Italian fashion house Schiaparelli has always been praised for its avant-garde approach to fashion; in 2022, this perspective remains the same. Julia Fox and Kanye West embodied the brand’s legacy recently during Paris Fashion Week, appearing at the Italian designer’s show in custom Schiaparelli Canadian tuxedos — a full denim ensemble. In an interview with Vogue, Fox claimed, “I’ve been pushed out of my comfort zone in terms of how I dress.”
This sentiment is exactly what current creative director Daniel Roseberry set out to exemplify in Schiaparelli’s spring-summer 2022 haute couture show; he reimagines past avant-garde looks and crafts a collection that rewrites the conformity of contemporary experimental haute couture.
Proclaimed as “An Age of Discipline,” the collection takes inspiration from the deconstruction of norms felt within pandemic realities.

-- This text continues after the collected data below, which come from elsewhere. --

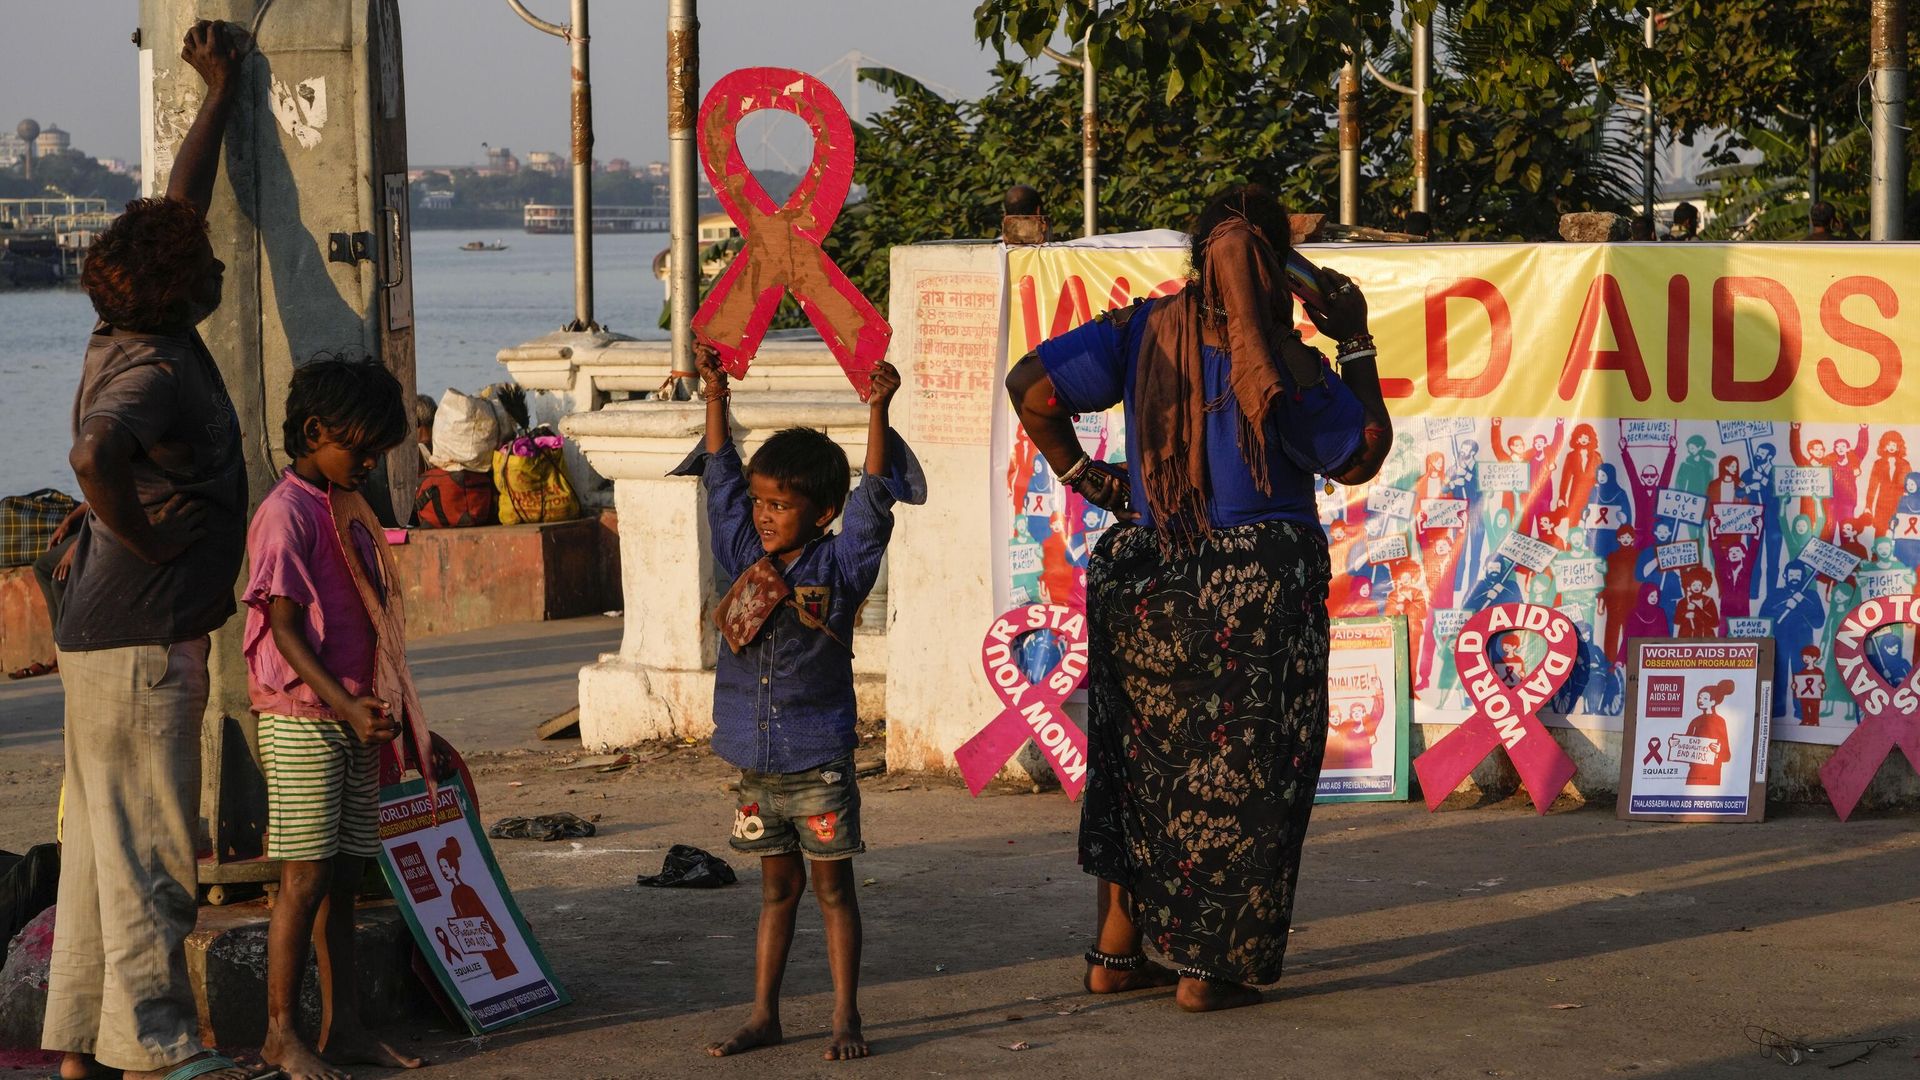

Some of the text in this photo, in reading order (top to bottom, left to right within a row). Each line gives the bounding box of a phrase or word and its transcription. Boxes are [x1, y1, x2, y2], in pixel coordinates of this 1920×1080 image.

[919, 289, 945, 306] রাম
[1557, 273, 1903, 407] AIDS
[1628, 421, 1670, 432] SAVE LIVES:
[1721, 420, 1746, 431] HUMAN
[1723, 429, 1746, 439] RIGHTS
[1487, 464, 1520, 474] SCHOOL
[1784, 469, 1820, 478] SCHOOL
[1665, 492, 1698, 505] LOVE
[1428, 502, 1442, 512] LET
[1722, 507, 1738, 517] LET
[1663, 507, 1696, 521] LOVE
[1441, 518, 1459, 526] LEAD
[1735, 523, 1753, 532] LEAD
[1012, 547, 1033, 560] FIGHT
[1371, 547, 1406, 562] END FEES
[1012, 560, 1034, 571] RACISM
[1661, 553, 1697, 567] END FEES
[1562, 562, 1592, 577] FIGHT
[1563, 575, 1594, 585] RACISM
[1868, 573, 1901, 588] FIGHT
[1868, 586, 1903, 598] RACISM
[1736, 620, 1762, 628] LEAVE
[1836, 600, 1883, 650] NO
[1334, 628, 1389, 640] AIDS DAY
[1645, 648, 1754, 658] WORLD AIDS DAY
[985, 618, 1030, 706] YOUR
[1645, 659, 1698, 668] OBSERVATION
[1699, 659, 1736, 668] PROGRAM
[1328, 673, 1370, 690] QUALIZE!
[1458, 604, 1572, 750] WORLD AIDS DAY
[1653, 683, 1678, 692] WORLD
[1836, 655, 1890, 715] SAY
[1649, 693, 1681, 701] AIDS DAY
[1020, 700, 1087, 783] KNOW
[1677, 750, 1690, 758] END
[411, 798, 433, 815] AIDS
[1633, 800, 1745, 809] THALASSAEMIA AND AIDS PREVENTION SOCIETY
[446, 807, 460, 818] 2022
[401, 853, 421, 868] WORLD
[404, 865, 428, 880] AIDS DAY
[454, 962, 482, 977] EQUALIZE

In the show notes, the creative director questioned: “What does fashion mean in flux? What is avant-garde in a society that continually redefines it?” The 32-look collection answers this question by, according to Roseberry, “a return to the basics in a move towards the elemental.”
Throughout the show at the Petit Palais in Paris, Roseberry pays homage to Schiaparelli’s creator, Elsa Schiaparelli through black and white palatial-themed looks with hints of royal jewels and heavenly iconography. Reconstructing Schiaparelli’s eye for the avant-garde is a diss to critics quick to denounce references in fashion. It felt as though Roseberry wanted to relish in how cyclical fashion has become — especially how the trend has flourished in a more dystopian-feeling world — in digging up archival inspiration through otherworldly imagery.

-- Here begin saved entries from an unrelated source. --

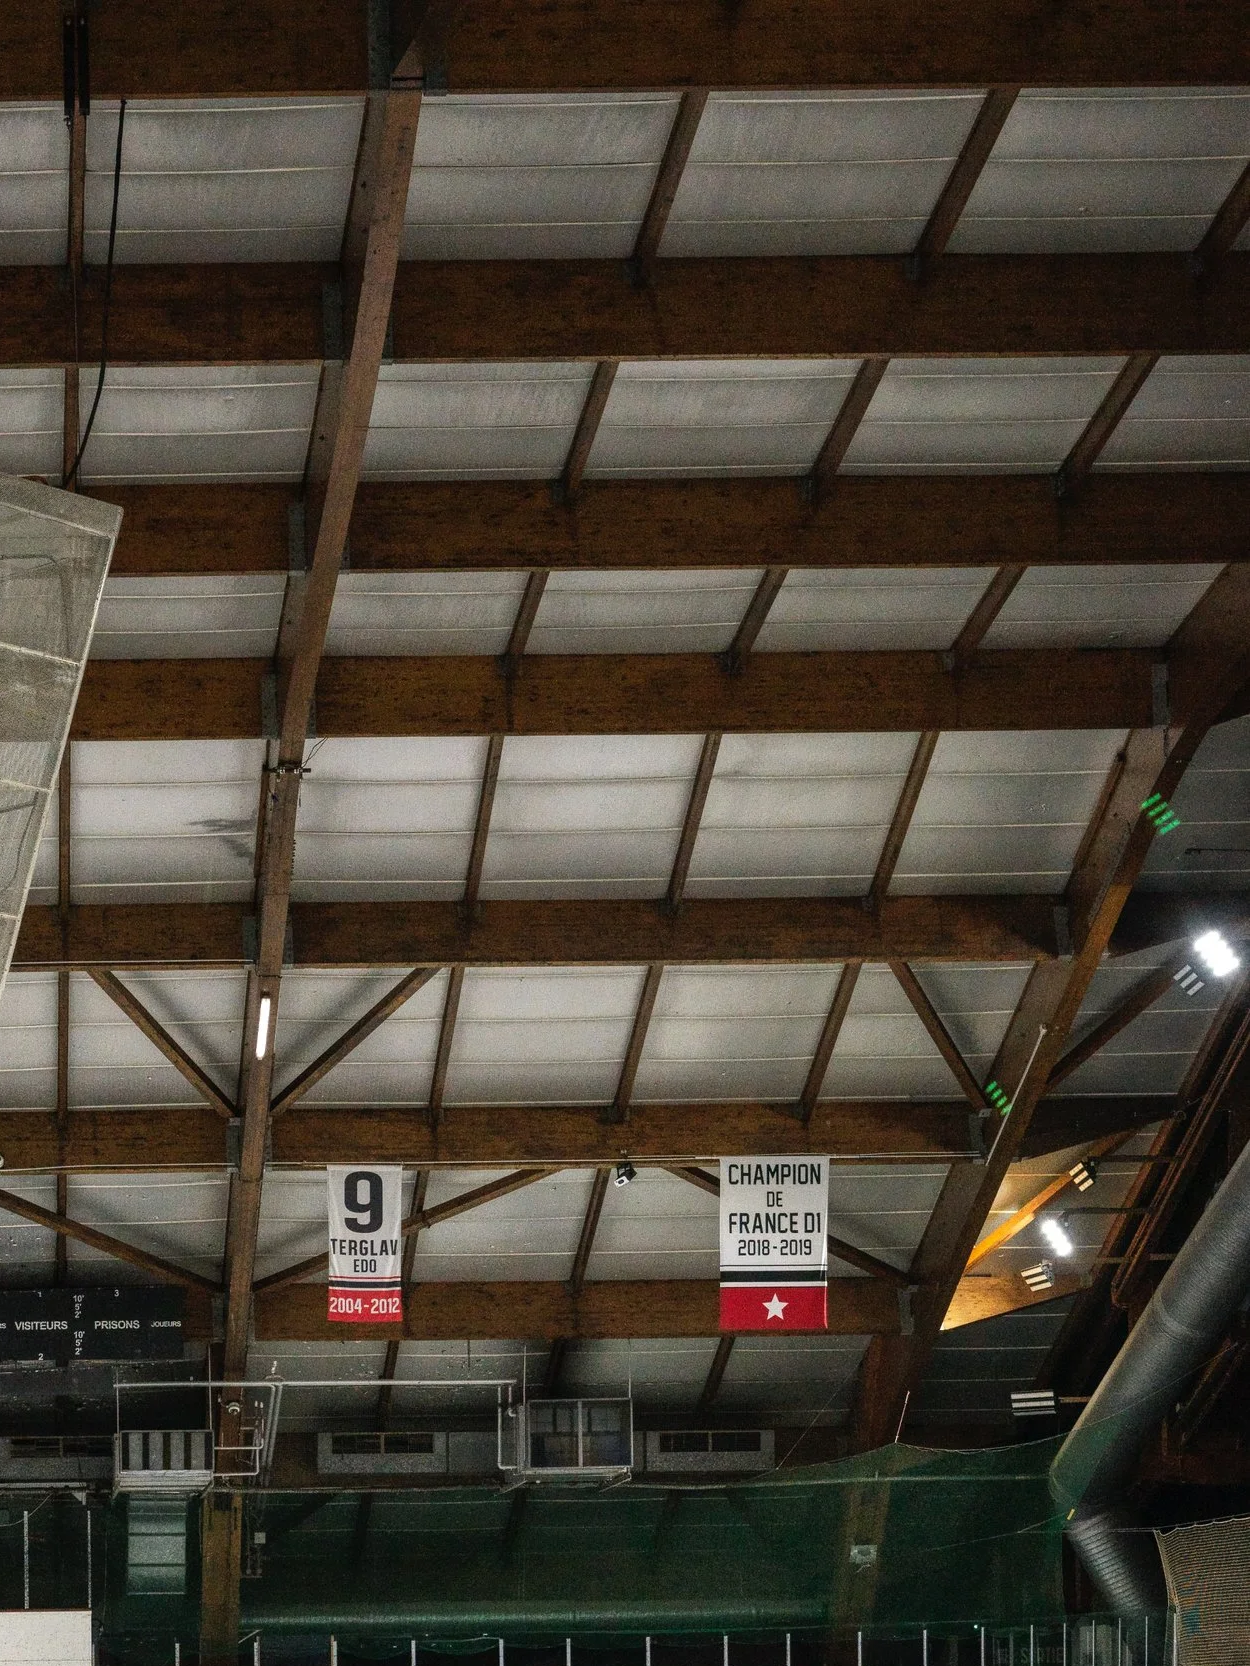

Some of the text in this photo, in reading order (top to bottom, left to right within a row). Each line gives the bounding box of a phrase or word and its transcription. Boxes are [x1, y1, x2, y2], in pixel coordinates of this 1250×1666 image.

[728, 1164, 821, 1185] CHAMPION
[344, 1171, 383, 1233] 9
[766, 1191, 783, 1207] DE
[728, 1213, 821, 1233] FRANCE D1
[330, 1238, 398, 1256] TERGLAV
[738, 1239, 812, 1256] 2018-2019
[353, 1259, 377, 1273] EDO
[114, 1289, 120, 1297] 3
[329, 1297, 400, 1314] 2004-2012
[14, 1321, 68, 1330] VISITEURS
[94, 1320, 140, 1329] PRISONS
[38, 1353, 44, 1361] 2

Roseberry mixes 1920s silhouettes with larger-than-life hats and structured bodices. The third look of the third collection features a black and white tuxedo-style blazer and Bermuda shorts, with the overly structured blazer bolstering a black velvet hood. Many of the collection’s looks featured black pantyhose as another nod to 1920s fashion.
Schiaparelli’s spring-summer collection also utilized many triangular-shaped looks that aided the collection’s prestige. In Renaissance paintings, pyramid theory was used to create stability; Roseberry’s collection utilizes this theory, creating looks that are composed of a heavier top than bottom or vice versa. This added to the overall dedication of ingenuity in the lookbook.
One piece recreated Madonna’s conical bra. The model wore a black leather bustier featuring the iconic conical bra embellished with gold and paired with a black velvet skirt with a slit. Roseberry adorned the look with a crown that looked similar to that of the Virgin Mary, exemplifying the creative director’s blend of the past and present. This combination of heavenly and earthly pieces perfectly aligned with his inspiration from surrealism and the twenties.
Revisiting the fashion house’s roots and repurposing their brand was exquisitely impressive. Elsa Schiaparelli was known to have a keen interest in astrology, and Roseberry captured this by recreating one of her most iconic pieces — the “Apollo of Versailles” jacket.
While the collection of looks often referenced past feats in fashion history, it triumphed in blending the likeness of the past with new, organic silhouettes. Sharp edges defined a multitude of dresses; others featured circular brass rings and planetary imagery. Roseberry adorned basic-colored silhouettes with clashing textures and shapes, and the craftsmanship involved is extraordinary. For example, the 26th look features a sleeveless black dress sprinkled with gaudy Swarovski rhinestone jewels.
In the process of designing the collection, Roseberry cites an epiphany that he had about his profession: “I design in order to make people feel something.” In viewing Schiaparelli’s spring-summer 2022 haute couture collection, it is uncomfortable not to feel bewildered and drawn to its otherworldly imagery and striking silhouettes. Through balancing the past and present, Roseberry creates a unique catalog that demonstrates the possibilities of modern-day couture.
Bringing back Schiaparelli’s original designs brought the Italian fashion house back to its roots, crafting looks sure to be recreated and reinspired for years to come – finally, the fashion hourglass gets reset.